To review the potential benefits and disadvantages of neoadjuvant chemotherapy administered before surgery to patients with initially resectable metastases.
European Organization for Research and Treatment of Cancer (EORTC) study 40983 has shown that neoadjuvant chemotherapy could reduce the risk of relapse by one-quarter, and allows to test the chemosensitivity of the cancer, to help to determine the appropriateness of further treatments, and to observe progressive disease, which contraindicates immediate surgery. Neoadjuvant chemotherapy can induce damage to the remnant liver. Oxaliplatin-based combination regimen is associated with increased risk of vascular lesions, whereas irinotecan-containing regimens have been associated with increased risks of steatosis and steatohepatitis.
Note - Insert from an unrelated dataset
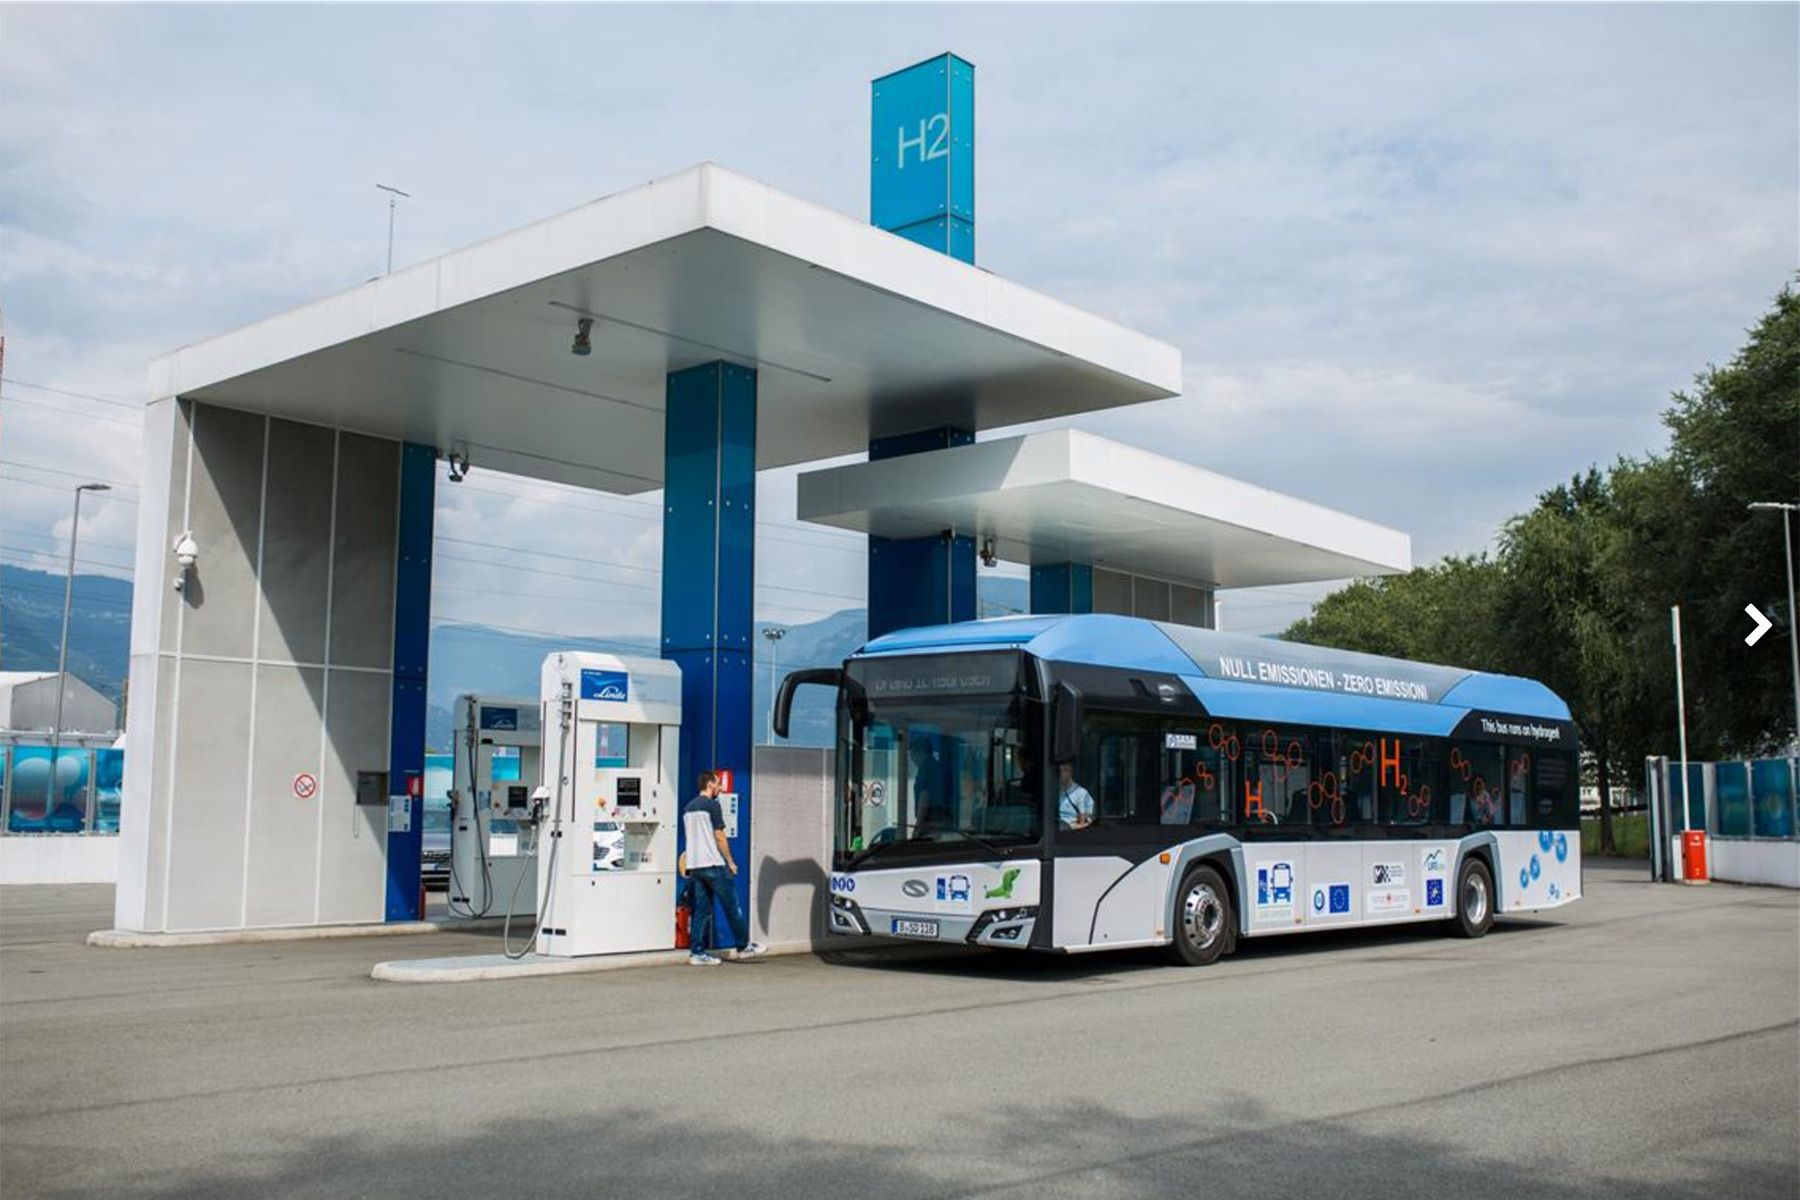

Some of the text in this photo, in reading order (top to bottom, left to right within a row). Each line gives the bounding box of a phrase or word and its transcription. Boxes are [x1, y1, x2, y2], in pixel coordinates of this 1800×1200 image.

Analysis of EORTC study 40983 showed that administration of six cycles of neoadjuvant systemic chemotherapy with 5-fluorouracil, leucovorin, and oxaliplatin (FOLFOX) was associated with moderate increase of the risk of reversible complications after surgery, but mortality rate was below 1% and not increased. If patients are not overtreated, chemotherapy before surgery is well tolerated. The integration of novel targeted agents in combination with cytotoxic drugs is a promising way to improve outcome in patients with advanced colorectal cancer. Preliminary trials have shown that targeted agents combined with cytotoxic regimens can increase tumor response rates. Another impact of preoperative chemotherapy is that metastases that respond to treatment may no longer be visible on computed tomography (CT) scan or at surgery. Patients should be carefully monitored and receive surgery before metastases disappear.
Treatment of most patients with liver metastases—those with resectable metastases as well as those with initially unresectable metastases—should start with chemotherapy. If drugs are well chosen and the duration of treatment is monitored with care during multidisciplinary meetings, benefits largely outweigh potential disadvantages.